Плотник Севрук то и дело поднимал тосты за писателя Любиньского и снова ему объяснял:
– Вы много потеряли, пане писатель, что не видели моего утопления в озере. Это правда, что приятно посидеть на бункере. Но мое утопление было интересней. Не в обиду будь сказано всей компании, но я еще раз скажу, что убегать с детьми не так интересно, как топиться в озере.
– А я тебе скажу, что самого интересного ты не видал, Севрук, – заявил лесоруб Ярош. – Лучше всего было, когда мы гнали по молоднякам Леона Кручека, а потом вместе с доктором мою жену по голой заднице пороли ремнем.
– Каждую неделю должно быть что-то интересное в нашей деревне, – гремел басом плотник Севрук. – Тогда бы никто не скучал.

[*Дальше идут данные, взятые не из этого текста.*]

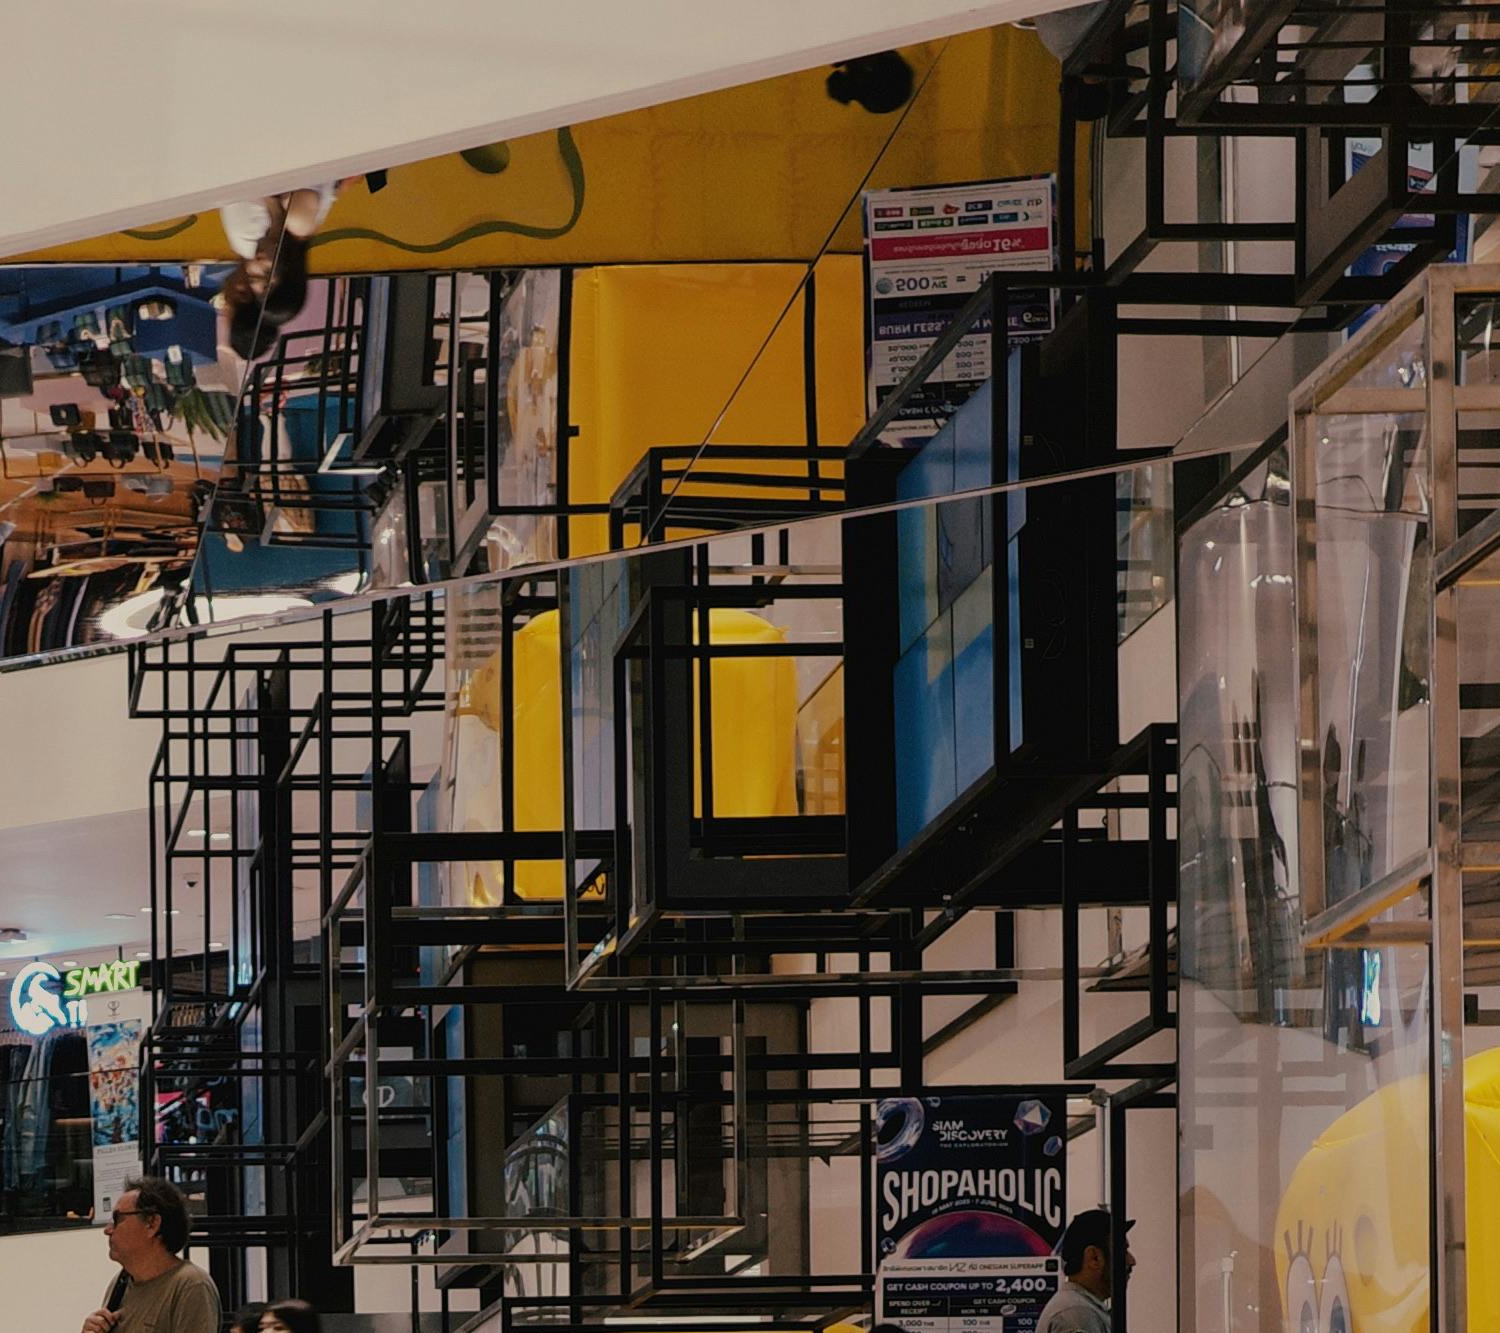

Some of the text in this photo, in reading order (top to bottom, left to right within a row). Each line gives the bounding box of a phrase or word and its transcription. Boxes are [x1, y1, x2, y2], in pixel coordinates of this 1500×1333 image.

[63, 959, 140, 996] SMART
[932, 1120, 964, 1132] SIAM
[939, 1129, 1009, 1141] DISCOVERY
[882, 1167, 1061, 1232] SHOPAHOLIC
[886, 1278, 1047, 1294] GET CASH COUPON UP TO 2,400

– А вы знаете, что сюда, в этот бункер, Антек Пасемко затащил труп девушки из Барт? Полтора года она тут лежала, и никто об этом не знал...
Эти слова произнес молодой Галембка. И тотчас все умолкли, скорчились, словно бы холодное дуновение ветра вдруг их овеяло. Наконец Эрвин Крыщак укоризненно сказал:
– Не говорил бы ты что попало. Не видишь, что ли, что даже пан писатель пришел нас проведать? Умный, приличный, культурный разговор надо вести, а не вспоминать о глупостях.

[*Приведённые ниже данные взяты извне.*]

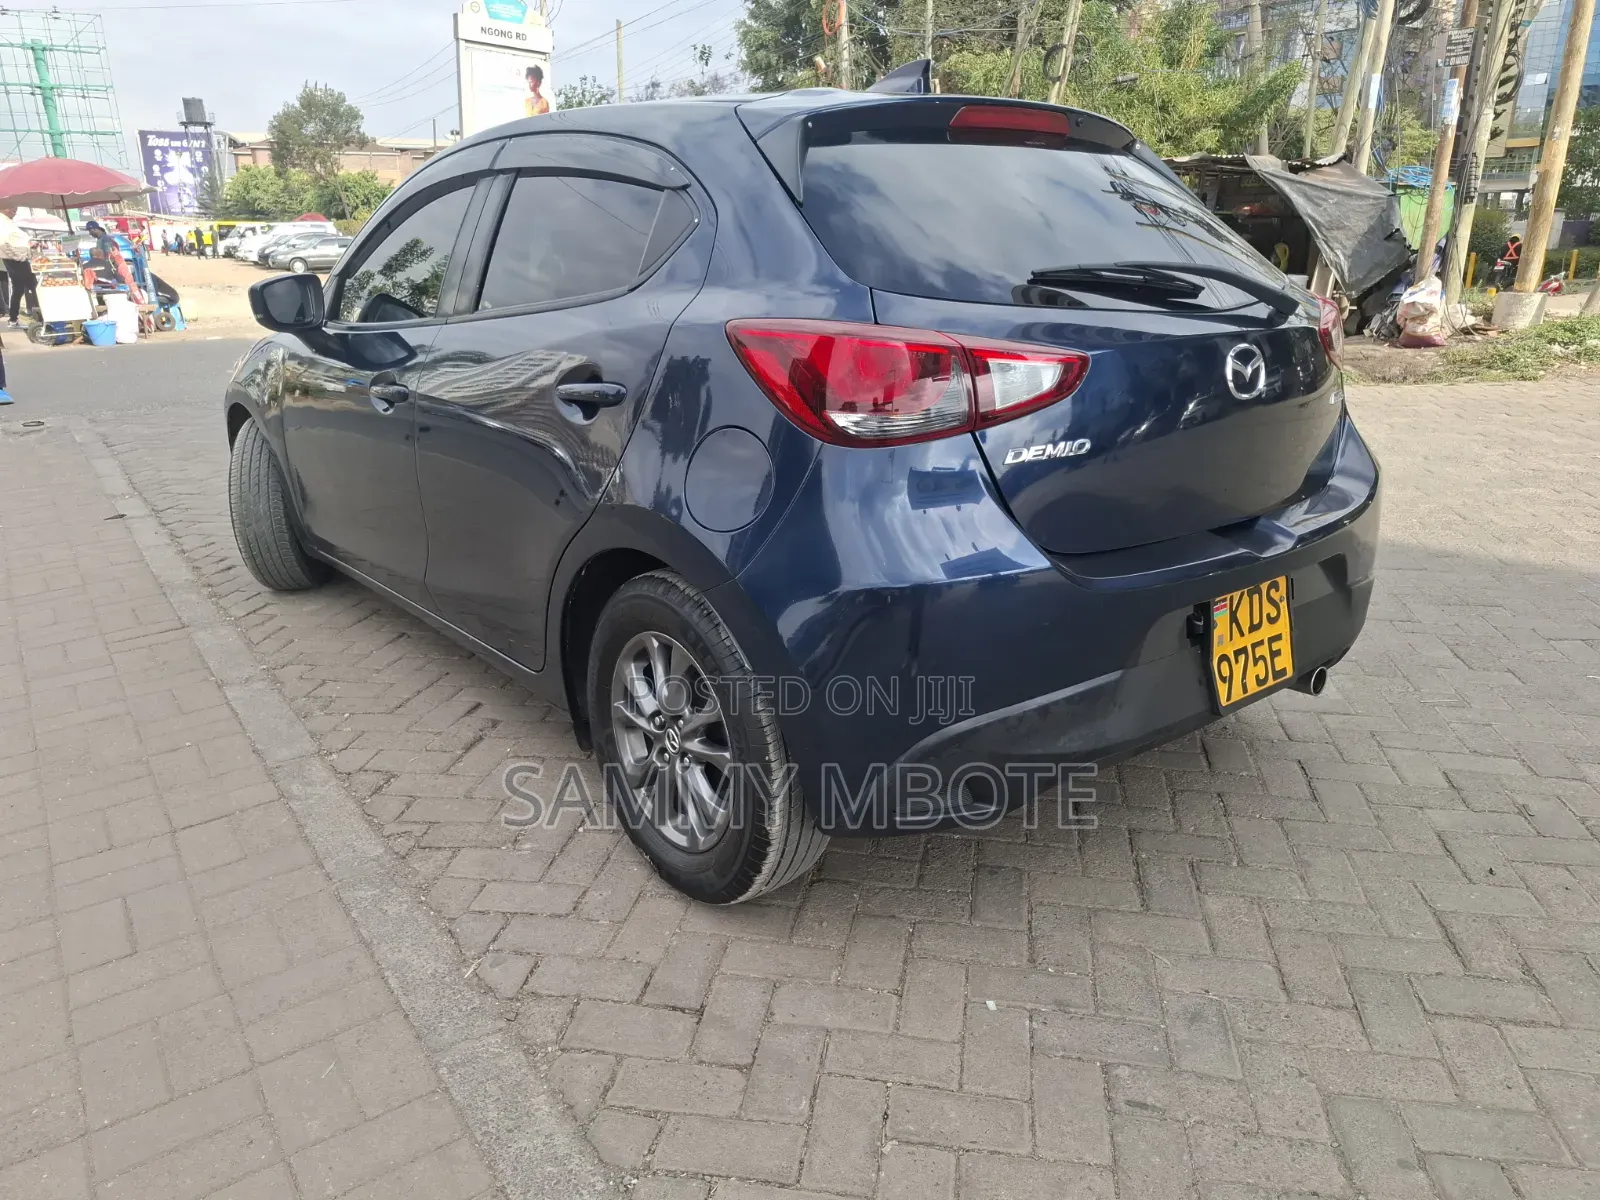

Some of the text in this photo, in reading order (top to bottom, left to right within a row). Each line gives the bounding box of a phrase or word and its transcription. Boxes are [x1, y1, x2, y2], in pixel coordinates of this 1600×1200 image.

– Так у меня только вырвалось, – объяснялся Галембка.
– Ну так пусть у тебя что попало не вырывается, – бурчал Крыщак. – Сожми задницу, а то обсерешься.

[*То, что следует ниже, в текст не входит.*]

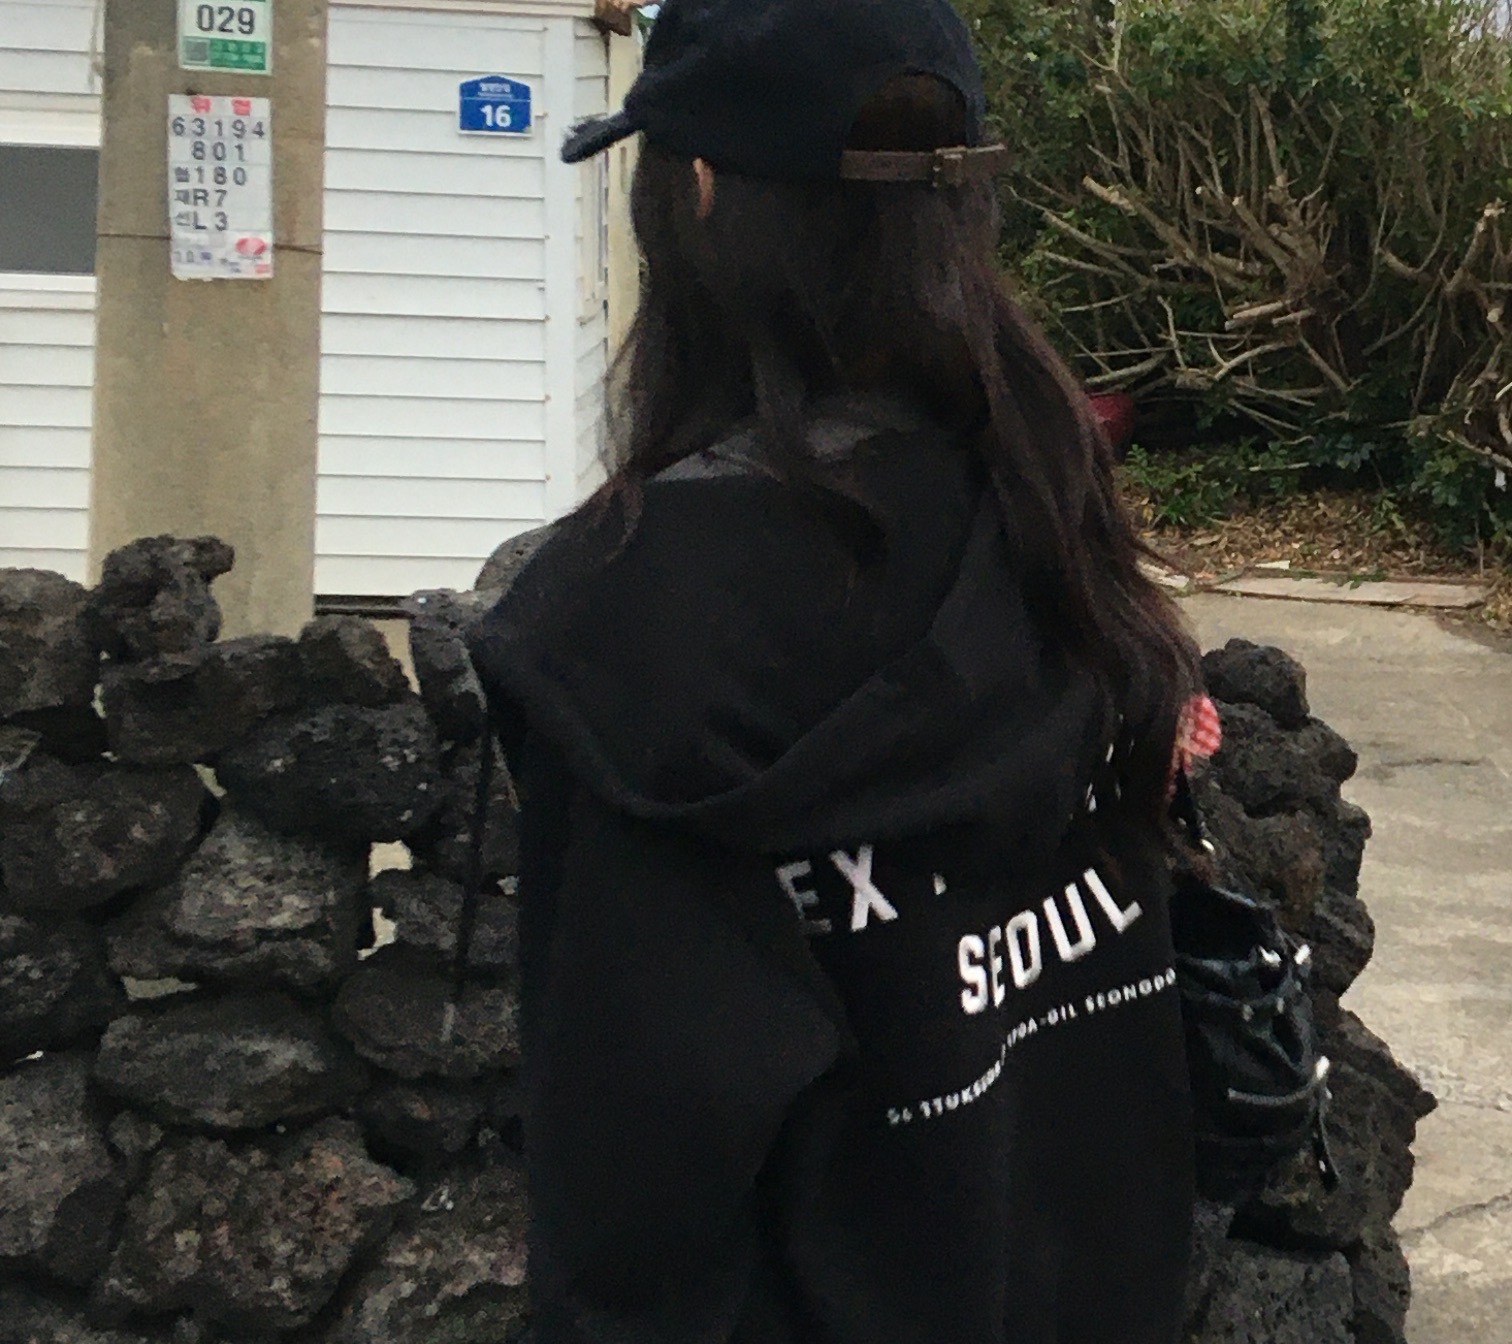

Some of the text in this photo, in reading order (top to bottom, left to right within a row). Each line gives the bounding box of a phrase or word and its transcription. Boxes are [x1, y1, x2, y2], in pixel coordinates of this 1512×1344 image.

И снова они ели, пили, разговаривали до предвечернего часа, когда прилетел легкий ветерок и дым из бункера пошел не прямо вверх, а начал стелиться по земле. Сизый дым ел глаза, окутывал своим неприятным запахом. Раскашлялся Любиньски и отирал слезы с глаз. Видя это, сидящая по-турецки Норова схватила краешек комбинации и, размахивая ею, отгоняла дым от писателя, одновременно открывая перед ним свои голые бедра, черные глубокие борозды на животе. Пробовала обмахивать писателя и хромая Марына, но, поскольку она носила трусы, ничьего интереса не вызвала. Впрочем, несмотря на обмахивание, все тонули в клубах синего дыма, потому что маленький Дарек топил не только корой, но и еловыми ветвями и делал это увлеченно и без устали. Время от времени, кроме подбрюшья Поровой, из клубов дыма выныривало перед Любиньским улыбающееся лицо Эрвина Крыщака и его единственный желтый зуб. Иногда из синевы высовывалась, как большой котел, голова плотника Севрука или чья-то рука со стаканчиком водки. Потом снова дым заслонял мир и выжимал слезы из глаз, Любиньски уже никого и ничего не видел, и ему казалось, что он проваливается в горловину пекла. Но ветер менял направление, дым уходил в глубь оврага, все снова становилось отчетливым и хорошо видимым, даже глубокий пупок на животе Поровой, которая все еще обмахивала писателя своей комбинацией.